La construction du moulin à vent, qui devait mettre en mouvement les électro-aimants de la machine dynamo-électrique, fut commencée sans retard.

Pour simplifier les travaux, Alban s’avisa d’un expédient assez ingénieux.

Il choisit, dans un endroit bien exposé au vent, cinq gros sapins.

Quatre d’entre eux étaient disposés à égale distance l’un de l’autre, de manière à former un carré dont le cinquième occuperait le centre.

Les quatre premiers arbres furent sciés à un mètre du sol ; le cinquième à six mètres.

C’est ce cinquième arbre qu’Alban utilisa pour servir d’axe à la tourelle mobile du moulin à vent.

Quand cette tourelle fut construite, munie de ses ailes et du mécanisme rudimentaire par lequel, grâce à une simple courroie de transmission, le mouvement était communiqué à la machine dynamo-électrique, Alban scia le pied de l’arbre central, en amincit l’extrémité inférieure, et l’emboita dans un creux pratiqué dans la partie du tronc restée en terre.
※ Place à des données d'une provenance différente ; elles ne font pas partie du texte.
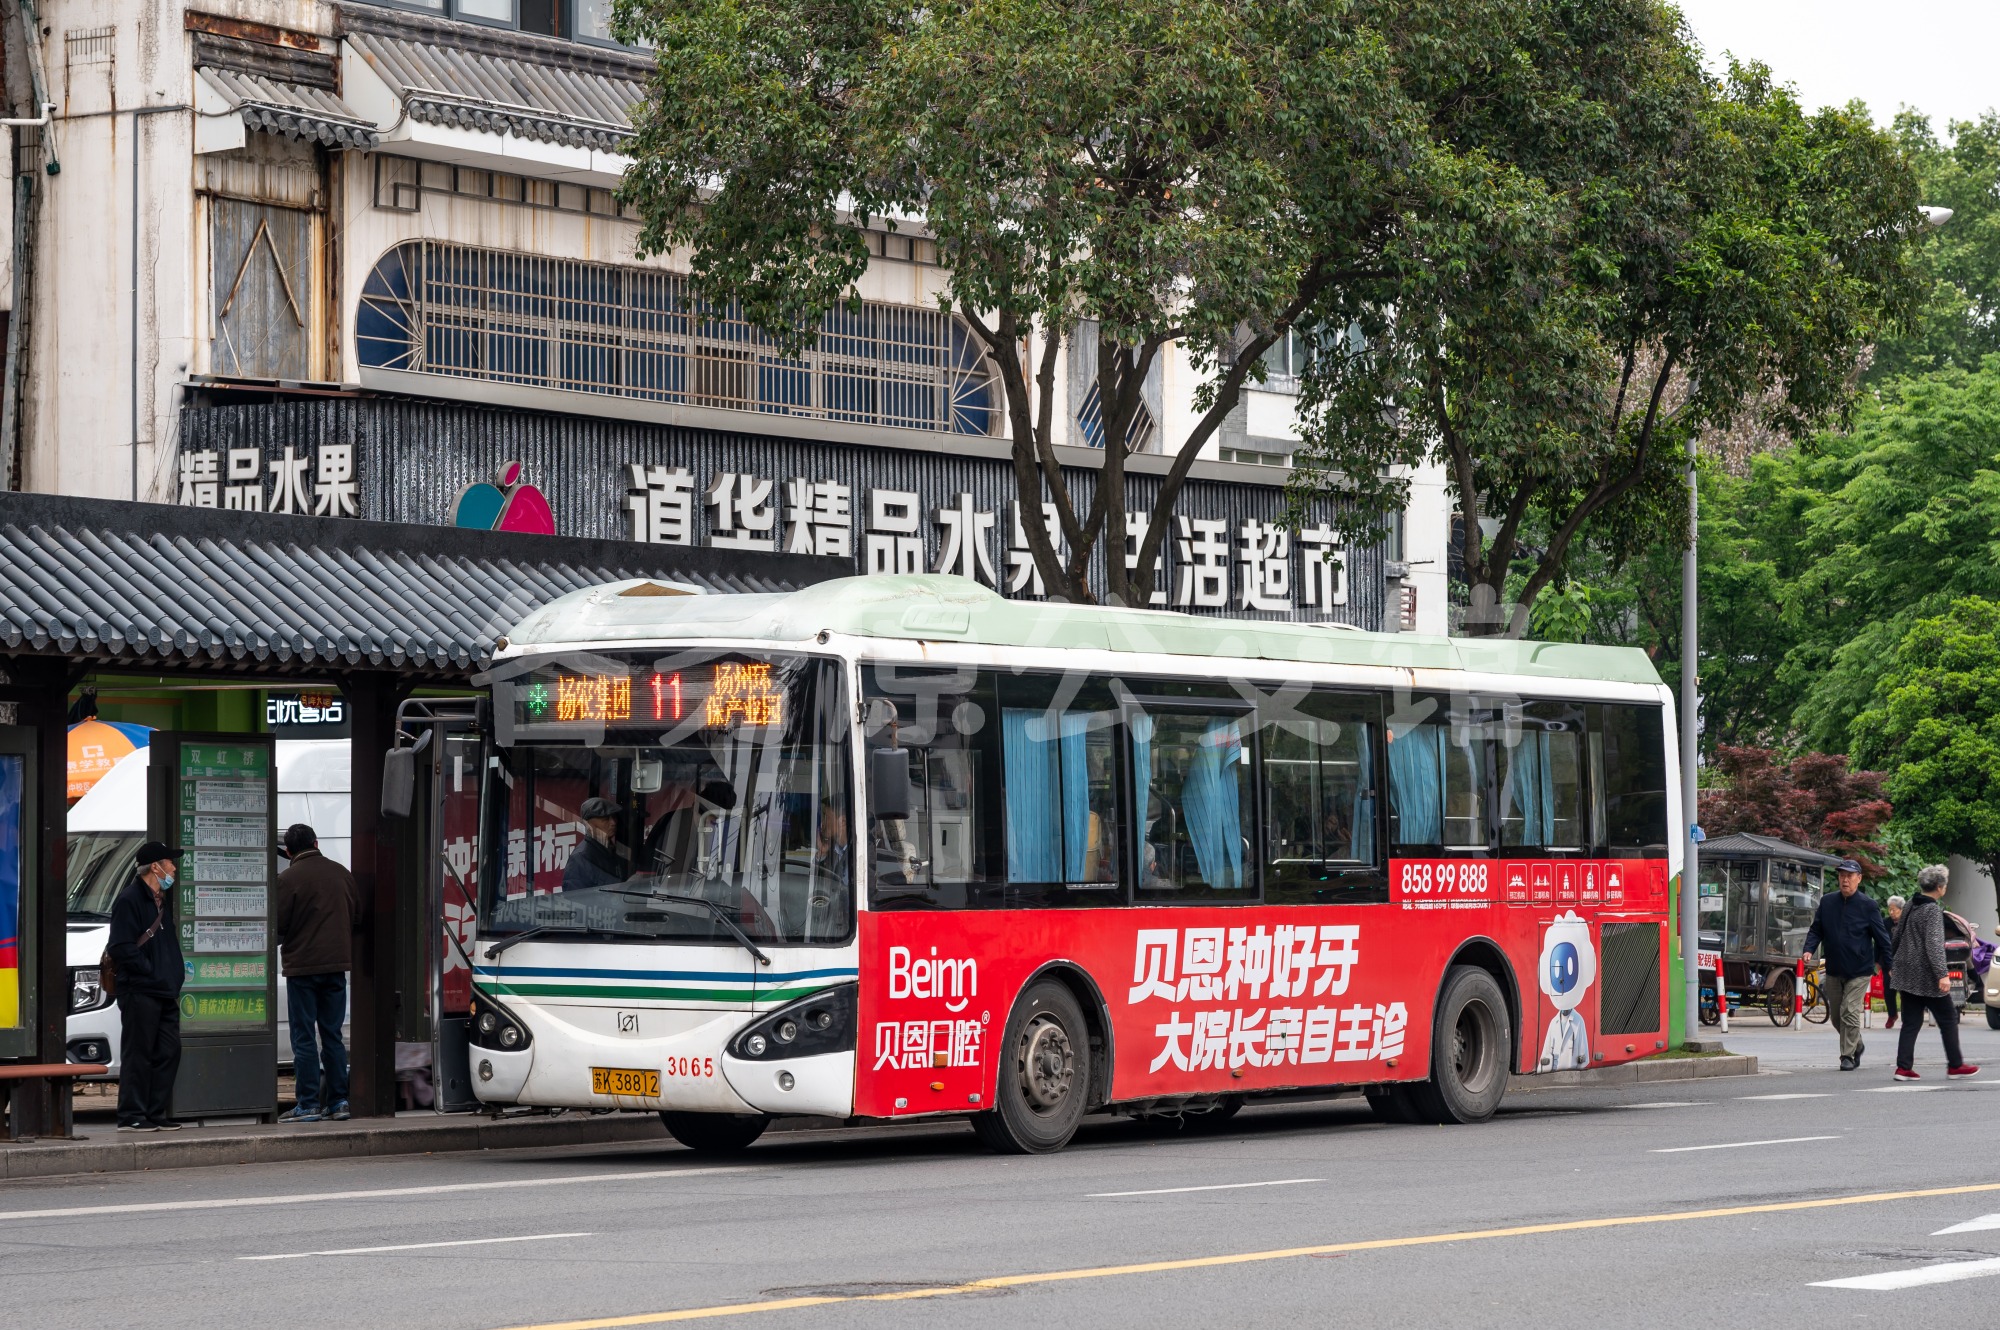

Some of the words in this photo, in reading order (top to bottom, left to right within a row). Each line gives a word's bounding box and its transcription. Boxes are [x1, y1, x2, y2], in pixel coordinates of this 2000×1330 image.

[180, 445, 361, 517] 精品水果
[557, 675, 631, 720] 扬农集团
[651, 673, 681, 719] 11
[191, 750, 254, 766] 双虹桥
[1402, 864, 1432, 893] 858
[1436, 864, 1456, 893] 99
[1459, 864, 1488, 893] 888
[889, 946, 977, 999] Beinn
[1128, 924, 1360, 1004] 贝恩种好牙
[199, 998, 265, 1015] 请依次排队上车
[872, 1019, 981, 1071] 贝恩口腔
[1149, 1001, 1409, 1075] 大院长亲自主诊
[667, 1056, 714, 1078] 3065
Des étais, en nombre suffisant, assuraient la solidité de cette installation.

Au bout de six jours de travail, le moulin à vent était terminé.

Au moyen d’un levier, que la force de deux personnes suffisait à faire mouvoir, on pouvait, à volonté, faire évoluer la tour mobile, sur le tronc qui lui servait de base, et présenter les ailes au vent dominant, quelle que fût sa direction. Ce moulin à vent, quoique grossièrement installé, donna de très bons résultats.
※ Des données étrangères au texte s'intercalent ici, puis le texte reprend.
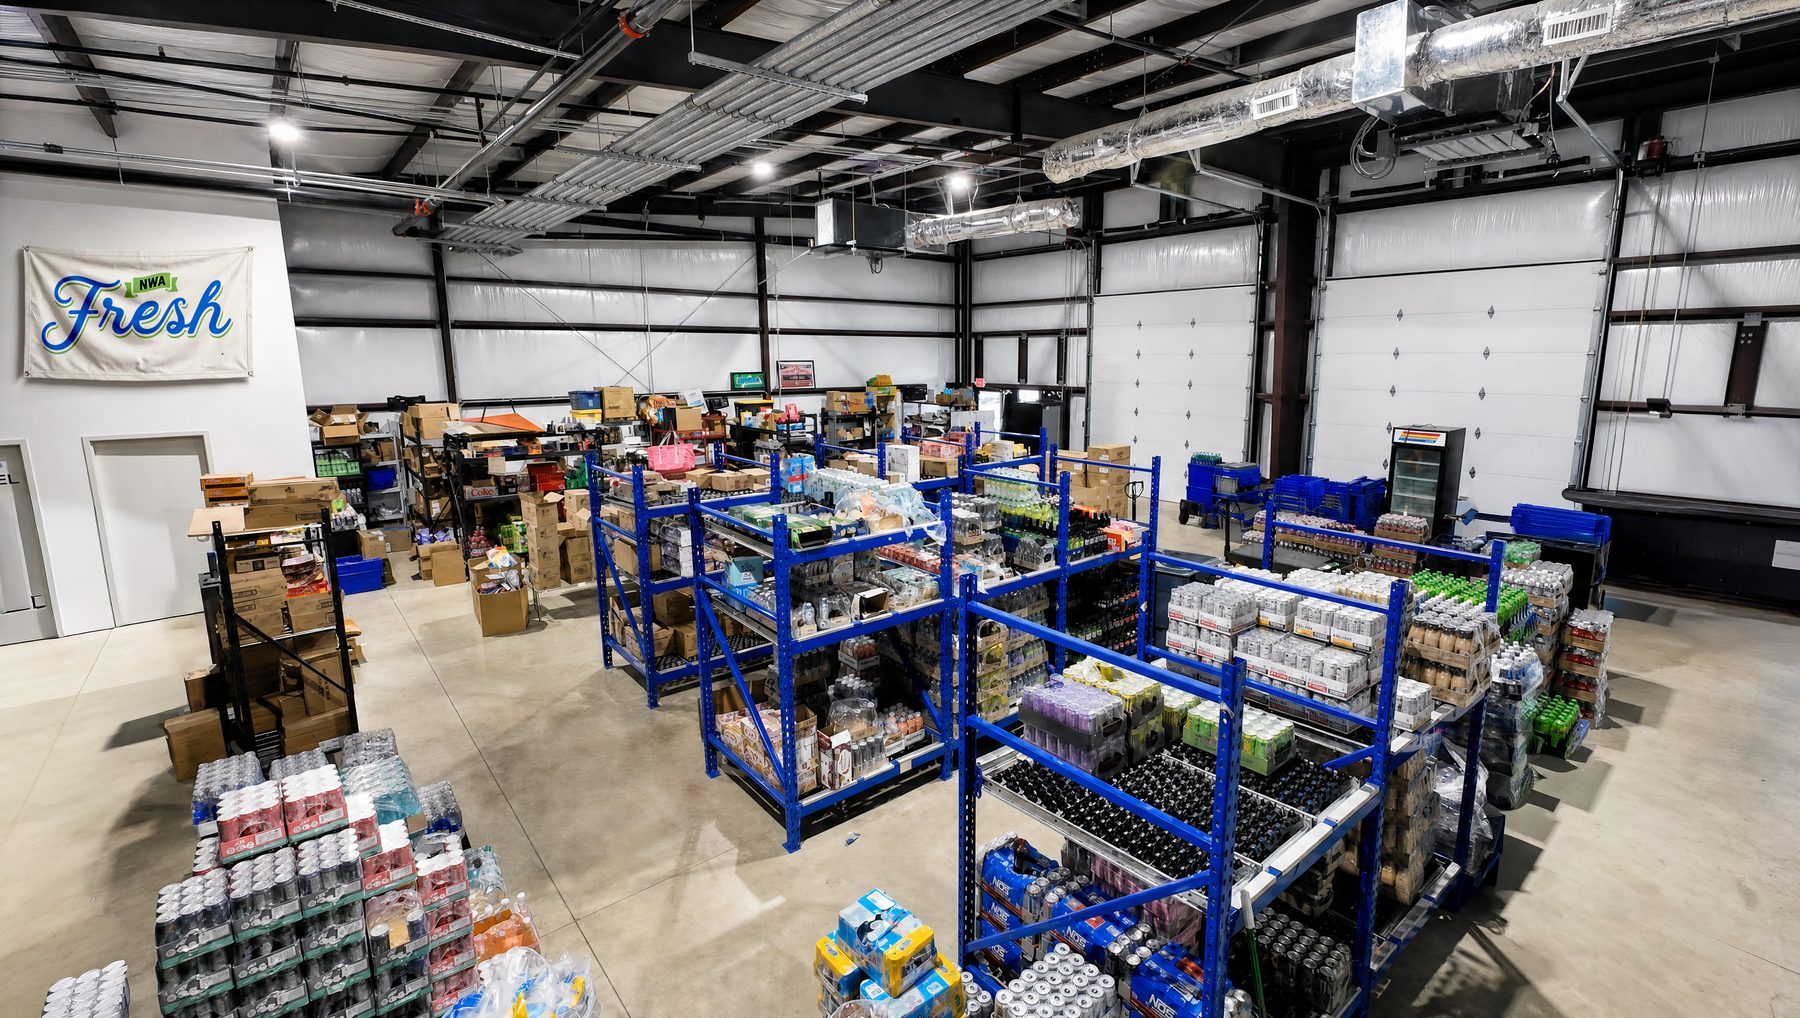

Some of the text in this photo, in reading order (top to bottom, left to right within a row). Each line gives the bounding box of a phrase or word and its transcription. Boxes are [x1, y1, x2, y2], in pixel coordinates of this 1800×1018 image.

[139, 276, 166, 291] NWA
[41, 275, 234, 355] Fresh
[471, 488, 494, 497] Coke
[992, 875, 1011, 896] NOS
[990, 902, 1010, 921] NOS
[1066, 925, 1087, 948] NOS
[990, 943, 1006, 958] OS
[1149, 993, 1177, 1018] NOS
Les naufragés de la Princesse des Airs n’eurent pas à craindre d’en être réduits à s’éclairer avec des chandelles de résine, et à se chauffer avec du bois de sapin.

Mais, tous ces travaux avaient causé une perte de temps.

Alban s’aperçut qu’à son grand regret, les réparations ne seraient terminées qu’à l’époque du froid le plus rigoureux.

La monotone existence d’hivernage commença.

Alban et Ludovic, tout le jour occupés à la caverne de sel, n’avaient pas le temps de s’ennuyer.

Il n’en était pas de même de Mme Ismérie et d’Armandine, confinées dans la salle commune de l’aéroscaphe.

Et, par malheur, tous les livres avaient été précipités, avec la caisse qui les contenait, pour alléger la Princesse des Airs poursuivie par un aérostat militaire, lors du passage de l’aéroscaphe au-dessus du territoire russe.

Il ne resta aux deux recluses que la ressource des travaux d’aiguille et de l’écriture.

Cette dernière occupation était la distraction préférée de Mme Ismérie. Elle mit à profit ses loisirs forcés, en relatant, avec le plus de détails possibles, tous les incidents du voyage.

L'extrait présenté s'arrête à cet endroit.